Speaker 2 Yeah, yeah.
Speaker 2 But
Speaker 2 is there some tip on identifying things like RLHF which actually do matter versus making sure you don't get stuck in some theoretical problem that doesn't matter? Or is it just coincidence?
Speaker 2 Or I mean, is there something you can do in advance to make sure that the thing is useful?
Speaker 1 I don't know if the RLHF story is like the
Speaker 1 best success case or something, but...
Speaker 1 Oh, because
Speaker 1 the capabilities. Maybe I'd say more profoundly, like, again, it's just not that hard a case.
Speaker 1 It was like a little bit, it's a little bit unfair to be like, I'm going to predict the thing, which I, like, I pretty much think it was going to happen at some point.
Speaker 1 And so it was mostly a case of acceleration.
Speaker 1 Whereas the work we're doing right now is specifically focused on something that's like kind of crazy enough that it might not happen, even if it's a really good idea or challenging enough, it might not happen.
Speaker 1 But I'd say like in general, like,
Speaker 1 and this draws a little bit on like more broad experience more broadly in theory. It's just like
Speaker 1 a lot of the times when theory fails to connect with practice, it's just kind of clear.
Speaker 1 It's not going to connect if you like try, if you actually think about it and you're like, what are the key constraints in practice?
Speaker 1 Is the theoretical problem we're working on actually connected to those constraints? Is there a path?
Speaker 1 Like, is there something that is possible in theory that would actually address like real world issues?
Speaker 1 I think the vast majority, like as a theoretical computer scientist, the vast majority of theoretical computer science has very little chance of ever affecting practice, but also it is completely clear in theory that has very little chance of affecting practice.
Speaker 1 Like most of the theory fails to affect practice, not because of like all the stuff you don't think of, but just because
Speaker 1 it was like,
Speaker 1 you could call it dead on arrival, but you also feel like it's not really the point. It's just like mathematicians also are like, they're not trying to affect practice.
Speaker 1 And they're not like, why does my number theory not affect practice? It was kind of obvious.

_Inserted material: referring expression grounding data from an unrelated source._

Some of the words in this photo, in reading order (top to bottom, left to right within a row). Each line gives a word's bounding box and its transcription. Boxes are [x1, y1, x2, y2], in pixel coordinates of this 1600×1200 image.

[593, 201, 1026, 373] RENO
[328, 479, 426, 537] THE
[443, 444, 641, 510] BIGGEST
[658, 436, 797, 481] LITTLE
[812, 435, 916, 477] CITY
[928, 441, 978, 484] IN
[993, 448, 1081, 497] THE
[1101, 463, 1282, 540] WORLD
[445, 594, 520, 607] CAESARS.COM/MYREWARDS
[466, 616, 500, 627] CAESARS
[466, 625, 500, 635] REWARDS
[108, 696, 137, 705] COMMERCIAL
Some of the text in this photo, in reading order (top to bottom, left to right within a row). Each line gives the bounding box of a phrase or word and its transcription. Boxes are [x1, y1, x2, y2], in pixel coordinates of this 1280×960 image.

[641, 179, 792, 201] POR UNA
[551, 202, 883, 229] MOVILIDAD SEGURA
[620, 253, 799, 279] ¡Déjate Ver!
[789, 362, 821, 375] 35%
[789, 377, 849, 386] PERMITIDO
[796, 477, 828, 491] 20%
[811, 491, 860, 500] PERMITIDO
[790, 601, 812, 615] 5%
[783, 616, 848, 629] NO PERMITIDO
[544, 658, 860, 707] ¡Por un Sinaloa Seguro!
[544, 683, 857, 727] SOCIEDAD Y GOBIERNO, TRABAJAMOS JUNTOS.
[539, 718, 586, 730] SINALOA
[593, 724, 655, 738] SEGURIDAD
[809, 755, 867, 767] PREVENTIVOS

Speaker 1 So I think the biggest thing is just actually caring about that and then learning at least what's basically going on in the actual systems you care about and what are actually the important constraints.
Speaker 1 And is this a real theoretical problem? The basic reason most theory doesn't do that is just like, that's not where the easy theoretical problems are.
Speaker 1 So I think theory is instead motivated by like we're going to build up the edifice of theory and like sometimes they'll be opportunistic.
Speaker 1 Like opportunistically we'll find a case that comes close to practice or we'll find something practitioners are already doing and try and bring into our framework or something.
Speaker 1 But the theory of change is mostly not. This thing is going to make it into practice.
Speaker 1 It's mostly like this is going to contribute to the body of knowledge that will slowly grow and like sometimes opportunistically yield important results.
Speaker 2 How big do you think a seed AI would be?
Speaker 2 What is the minimum sort of encoding of something that is as smart as a human?
Speaker 1 I think it depends a lot what substrate it gets to run on. So if you tell me like, like, how much computation does it get before, or like what kind of real-world infrastructure does it get?
Speaker 1 Like you could ask, what's the shortest program which like if you run it on a million H100s connected in like a nice network with like a hospitable environment will eventually go to the stars.
Speaker 1 But that seems like it's probably on the order of like tens of thousands of bytes or I don't know. If I had to guess a median, I'd guess 10,000 bytes.
Speaker 2 Wait, wait, the specification or the compression of just the program, a program which wouldn't run.
Speaker 1
Oh, got it, got it, got it. But that's going to be really cheatsy.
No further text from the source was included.